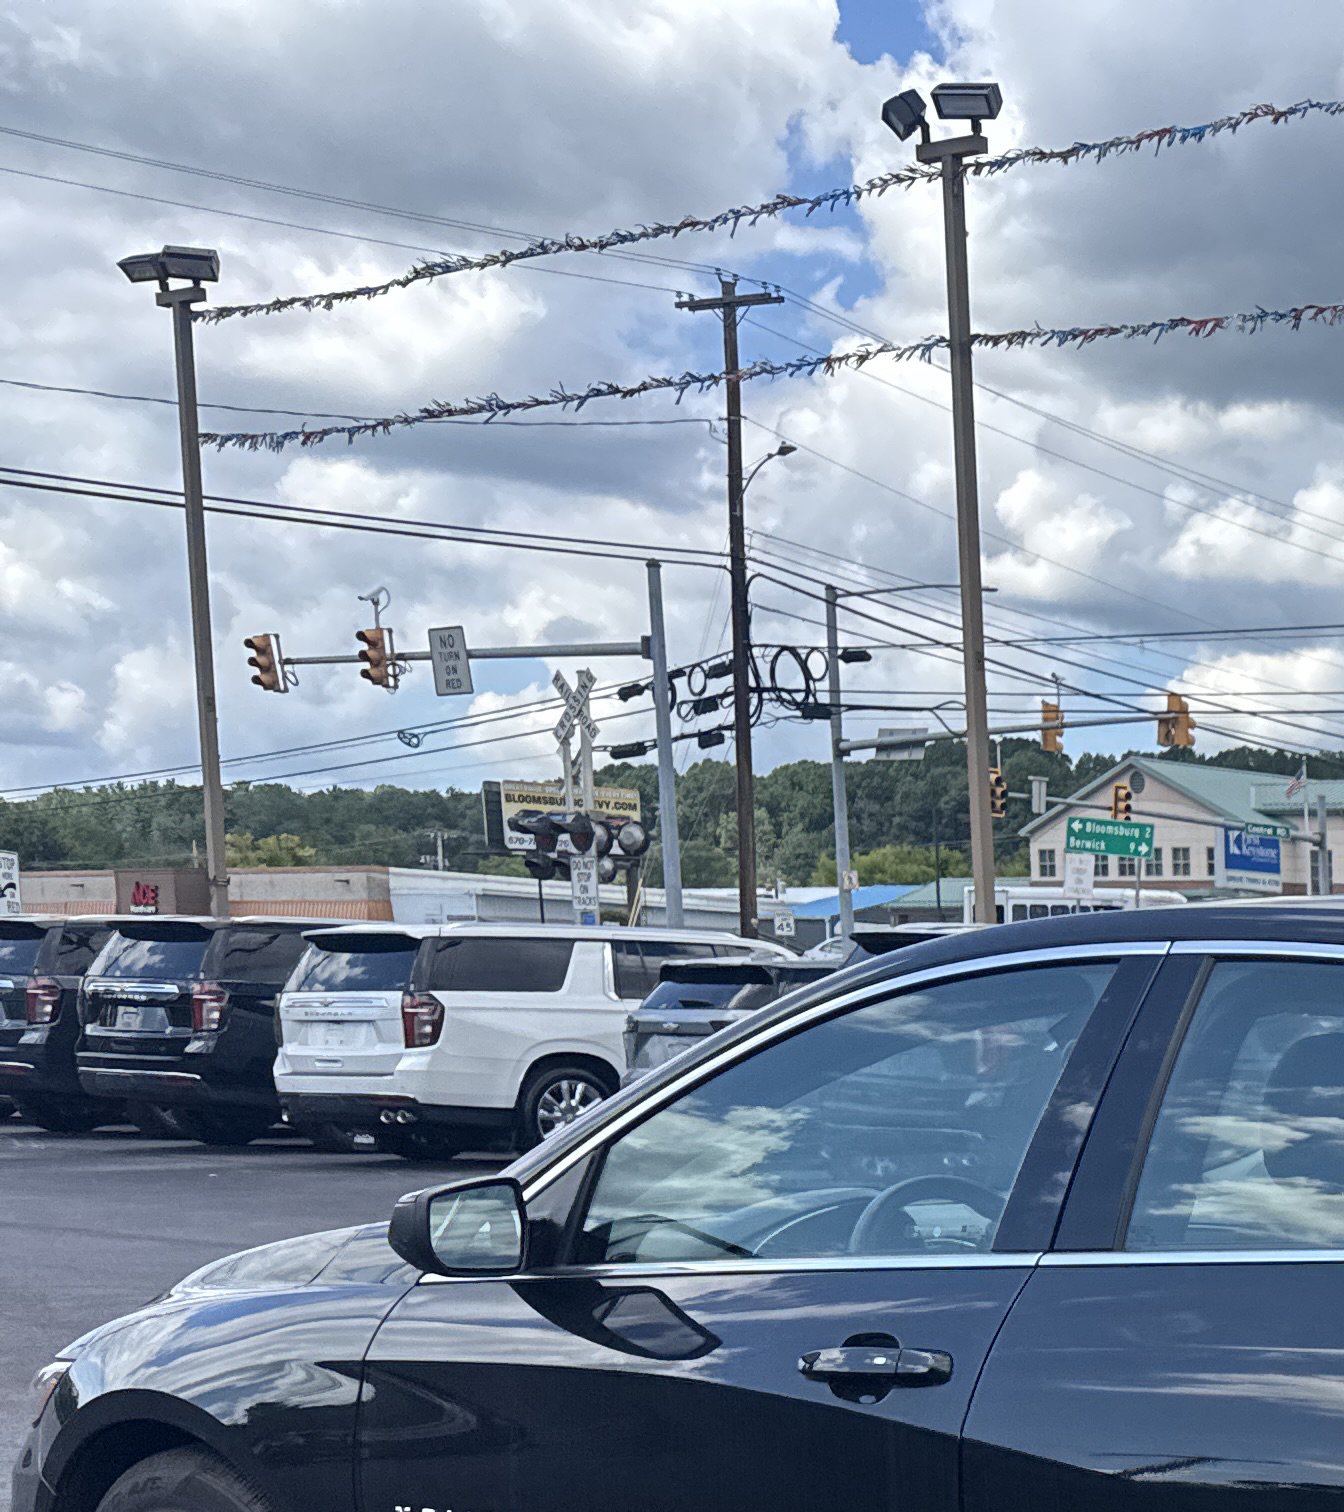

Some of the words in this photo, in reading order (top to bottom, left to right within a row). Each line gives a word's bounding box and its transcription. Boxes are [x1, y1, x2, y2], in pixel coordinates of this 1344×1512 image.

[439, 634, 454, 649] NO
[439, 651, 461, 662] TURN
[445, 664, 458, 676] ON
[445, 678, 462, 689] RED
[555, 671, 595, 740] CROSSING
[1085, 821, 1140, 838] Bloomsburg
[1144, 826, 1152, 838] 2
[1069, 836, 1106, 850] Berwick
[1129, 842, 1136, 853] 9
[776, 922, 792, 933] 45
•••
● Task directions: Drop the pictures and reproduce the rest of the data exactly.

● Result:
Some of the words in this photo, in reading order (top to bottom, left to right within a row). Each line gives a word's bounding box and its transcription. Boxes are [x1, y1, x2, y2], in pixel coordinates of this 1344×1512 image.

[439, 634, 454, 649] NO
[439, 651, 461, 662] TURN
[445, 664, 458, 676] ON
[445, 678, 462, 689] RED
[555, 671, 595, 740] CROSSING
[1085, 821, 1140, 838] Bloomsburg
[1144, 826, 1152, 838] 2
[1069, 836, 1106, 850] Berwick
[1129, 842, 1136, 853] 9
[776, 922, 792, 933] 45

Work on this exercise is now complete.